_TASK STATEMENT_
Everything from the line containing "Some of the text" through the final line of the records must be transcribed verbatim; nothing else belongs in the result.

_SUPPLIED DATA_
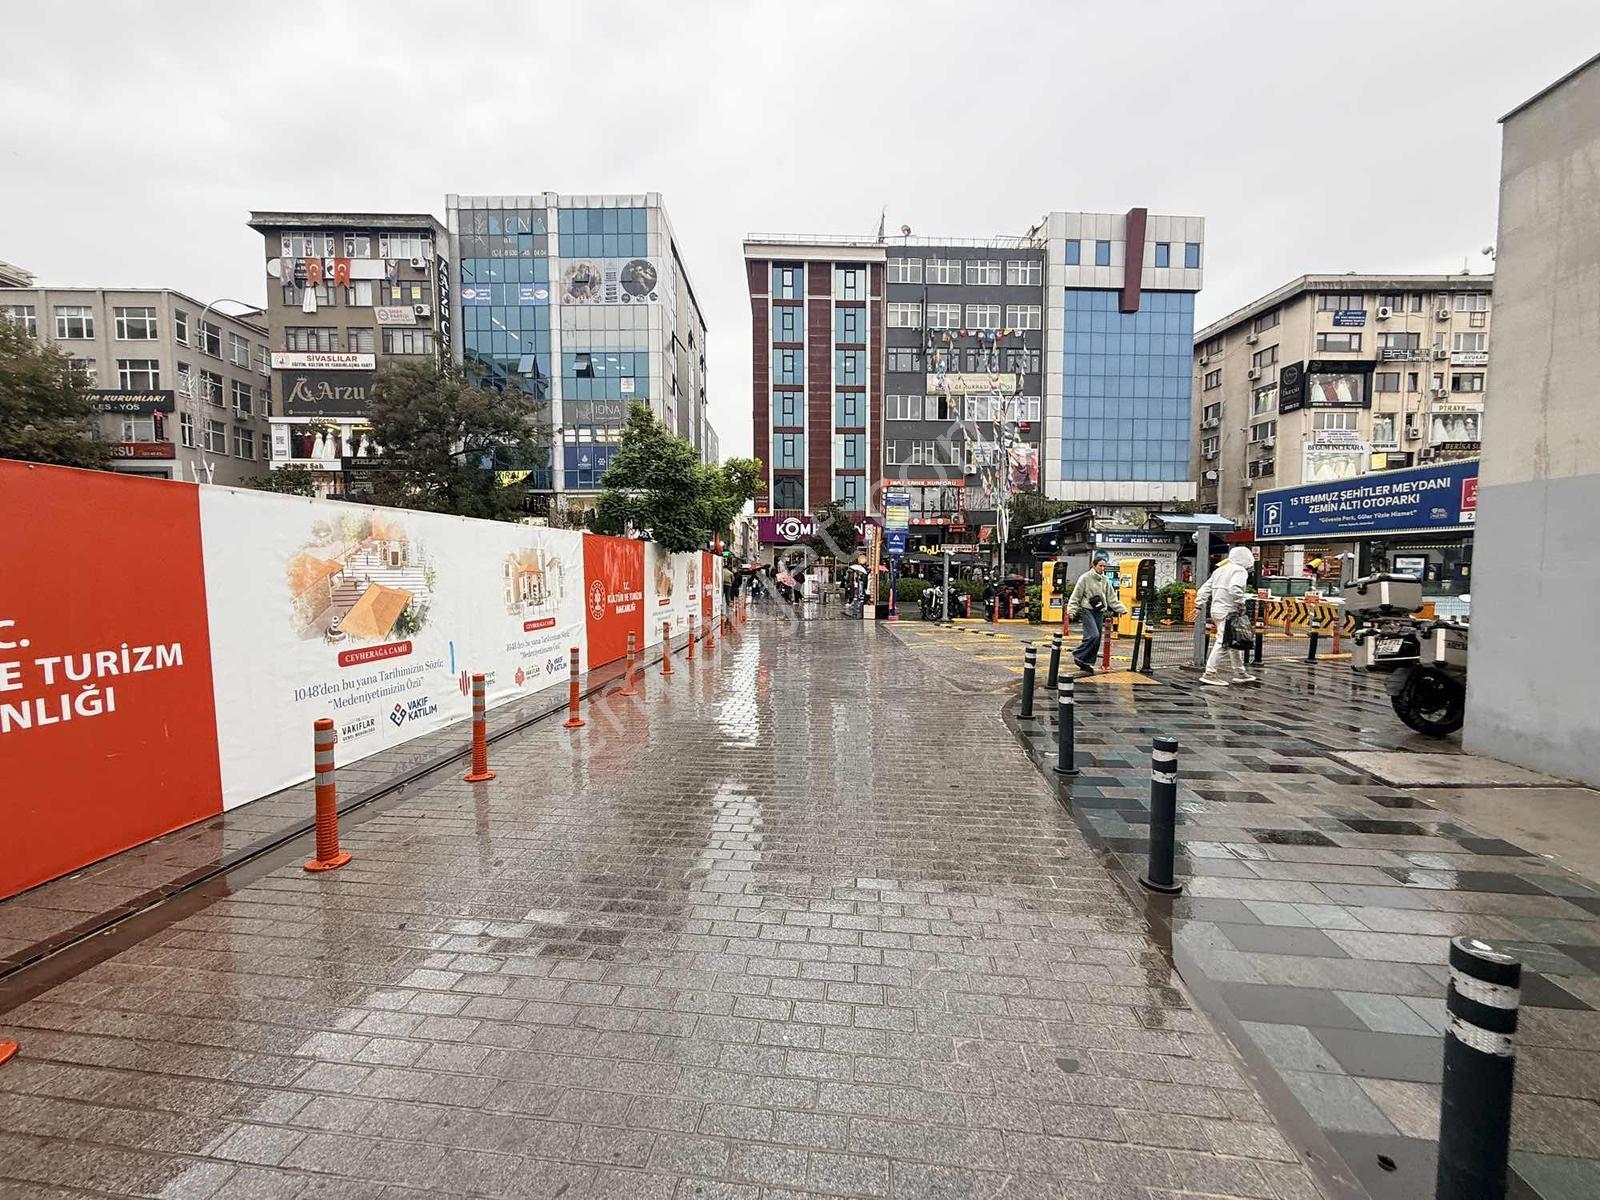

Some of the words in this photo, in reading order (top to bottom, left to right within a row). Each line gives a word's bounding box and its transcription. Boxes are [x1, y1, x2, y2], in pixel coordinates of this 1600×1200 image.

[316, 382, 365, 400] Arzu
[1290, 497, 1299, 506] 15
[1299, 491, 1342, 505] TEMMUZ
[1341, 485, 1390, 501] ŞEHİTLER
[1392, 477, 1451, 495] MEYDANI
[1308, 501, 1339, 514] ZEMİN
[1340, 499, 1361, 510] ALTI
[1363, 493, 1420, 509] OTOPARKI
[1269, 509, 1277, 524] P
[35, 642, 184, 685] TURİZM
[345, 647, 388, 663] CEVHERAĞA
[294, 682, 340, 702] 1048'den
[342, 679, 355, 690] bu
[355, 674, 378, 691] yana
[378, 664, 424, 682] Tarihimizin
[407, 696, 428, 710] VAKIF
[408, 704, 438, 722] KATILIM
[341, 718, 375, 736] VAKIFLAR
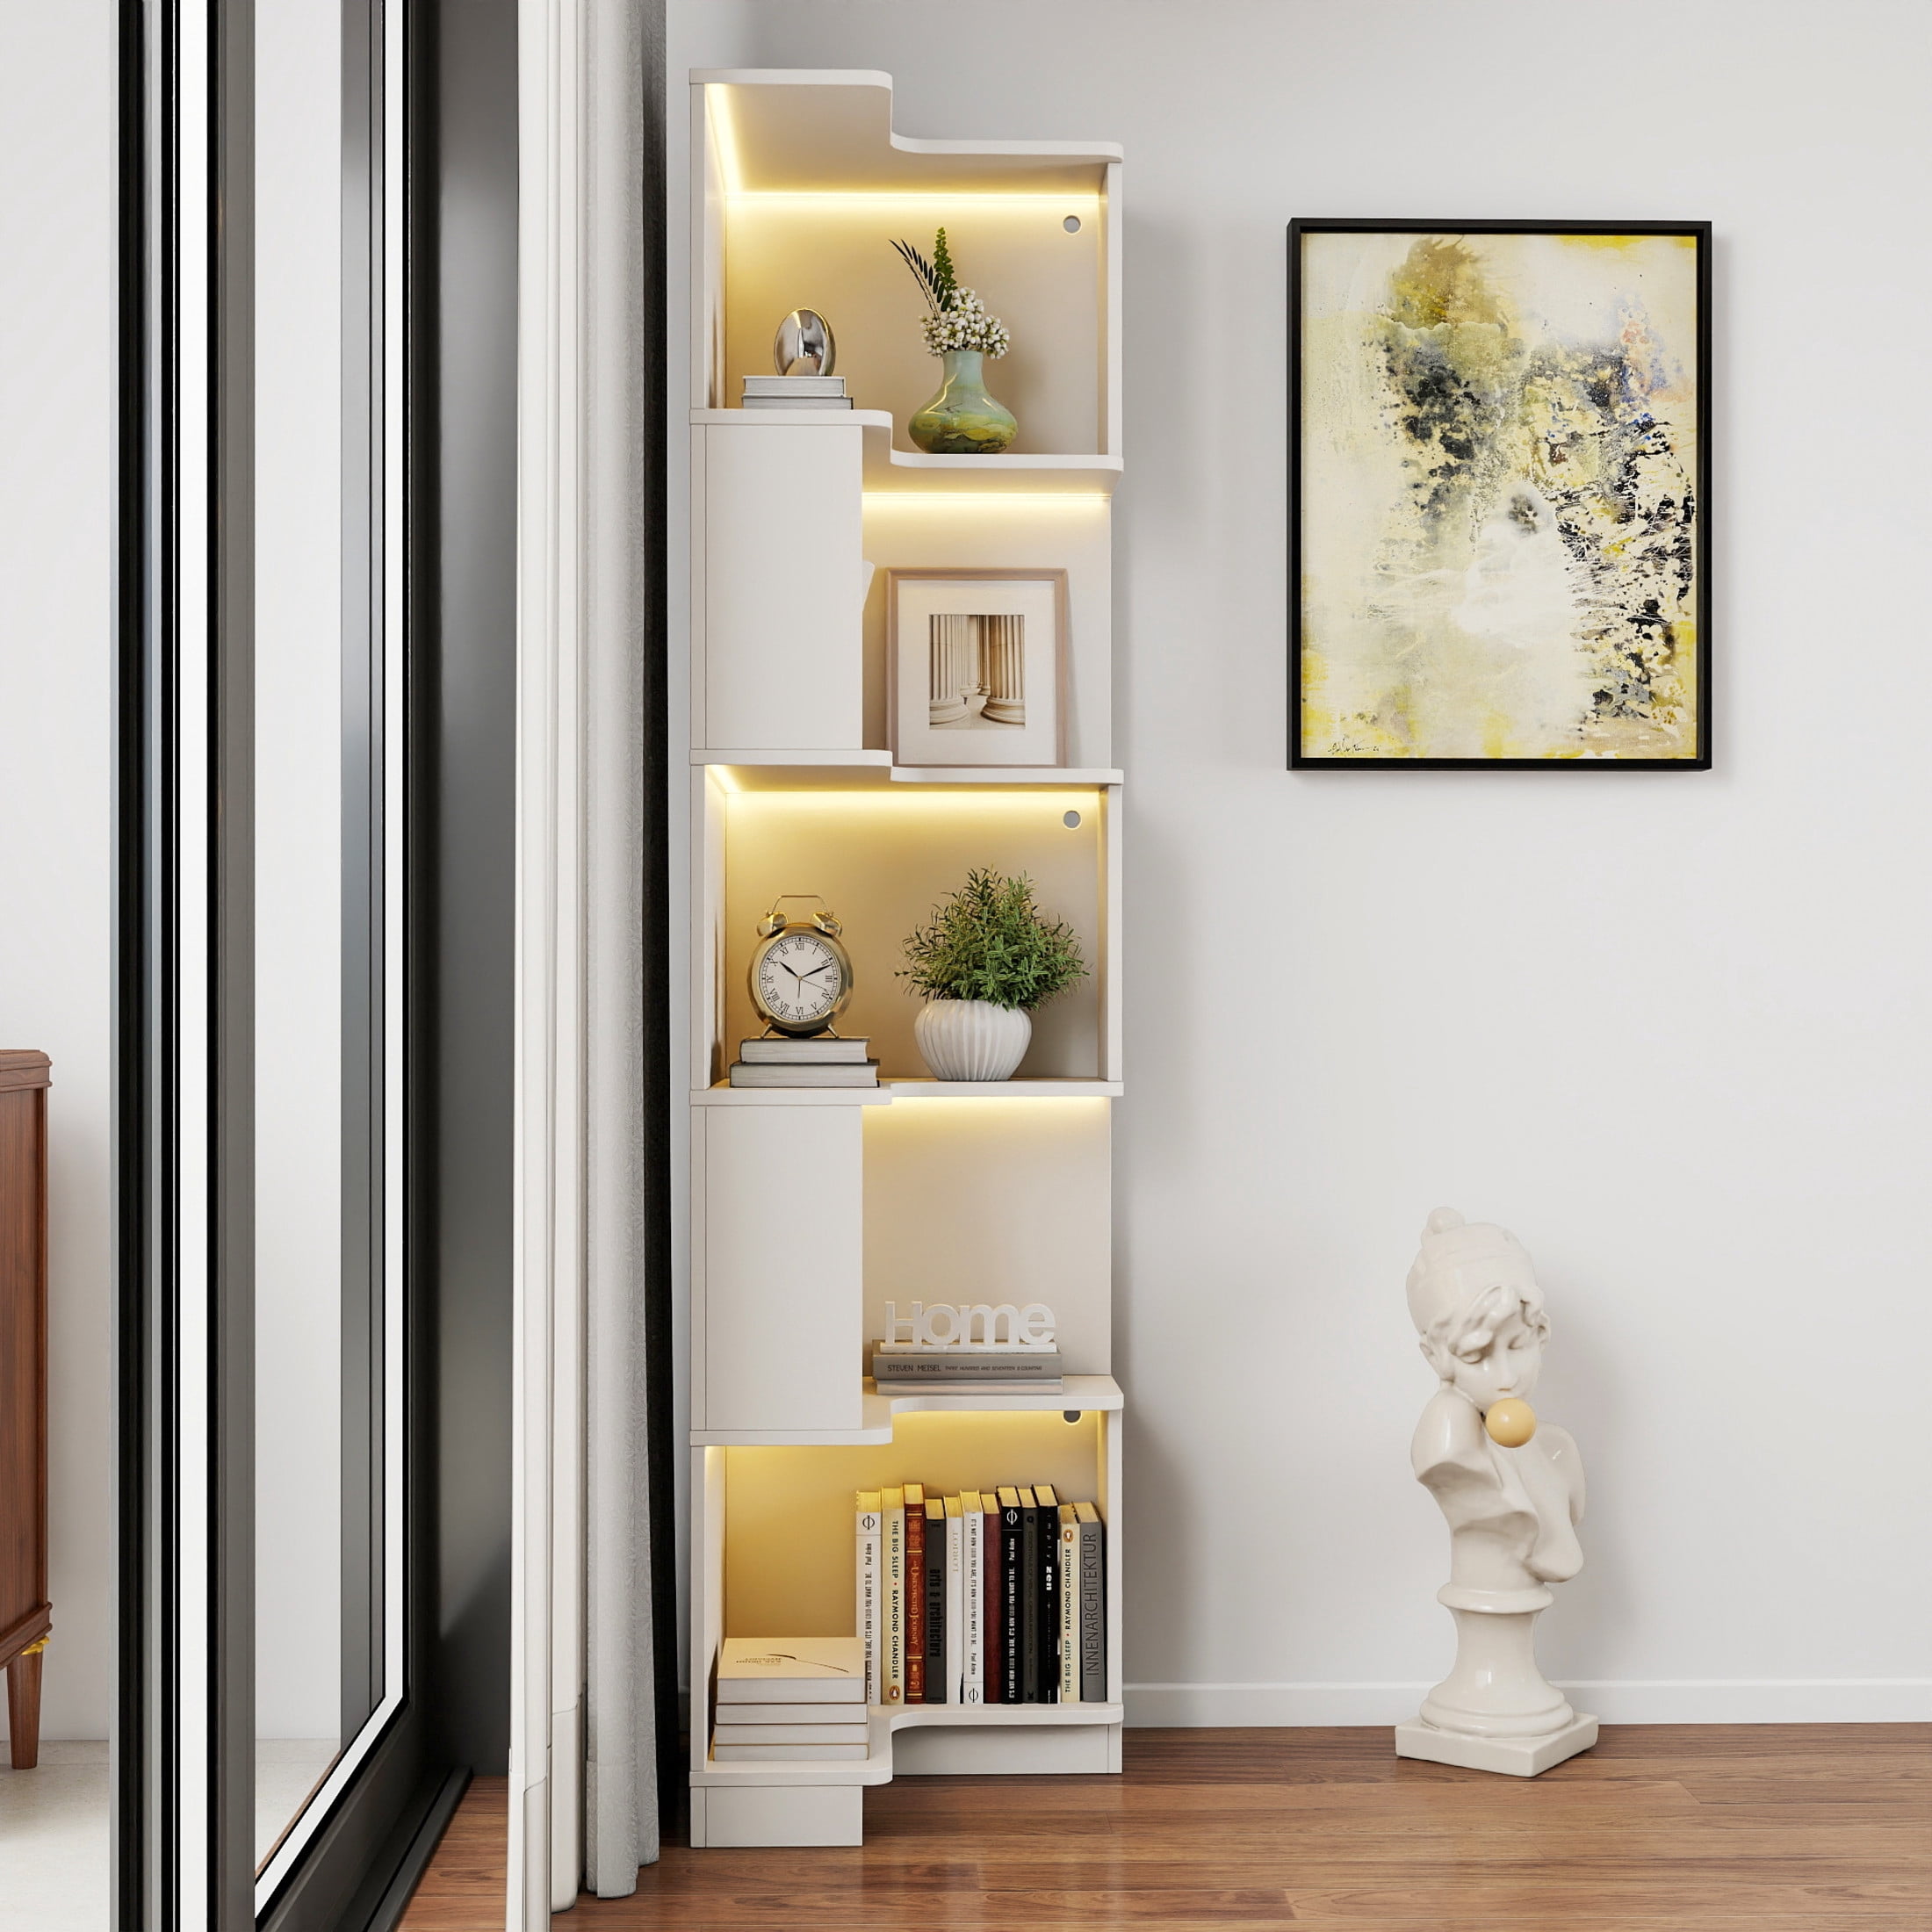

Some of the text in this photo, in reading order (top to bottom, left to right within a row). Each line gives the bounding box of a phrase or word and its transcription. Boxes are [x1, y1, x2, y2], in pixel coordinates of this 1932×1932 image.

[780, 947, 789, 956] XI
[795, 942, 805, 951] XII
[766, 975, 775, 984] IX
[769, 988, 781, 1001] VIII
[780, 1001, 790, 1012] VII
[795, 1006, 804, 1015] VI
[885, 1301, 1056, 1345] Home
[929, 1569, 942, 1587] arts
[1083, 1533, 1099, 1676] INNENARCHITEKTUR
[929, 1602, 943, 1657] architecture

_FINAL ANSWER_
Some of the text in this photo, in reading order (top to bottom, left to right within a row). Each line gives the bounding box of a phrase or word and its transcription. Boxes are [x1, y1, x2, y2], in pixel coordinates of this 1932×1932 image.

[780, 947, 789, 956] XI
[795, 942, 805, 951] XII
[766, 975, 775, 984] IX
[769, 988, 781, 1001] VIII
[780, 1001, 790, 1012] VII
[795, 1006, 804, 1015] VI
[885, 1301, 1056, 1345] Home
[929, 1569, 942, 1587] arts
[1083, 1533, 1099, 1676] INNENARCHITEKTUR
[929, 1602, 943, 1657] architecture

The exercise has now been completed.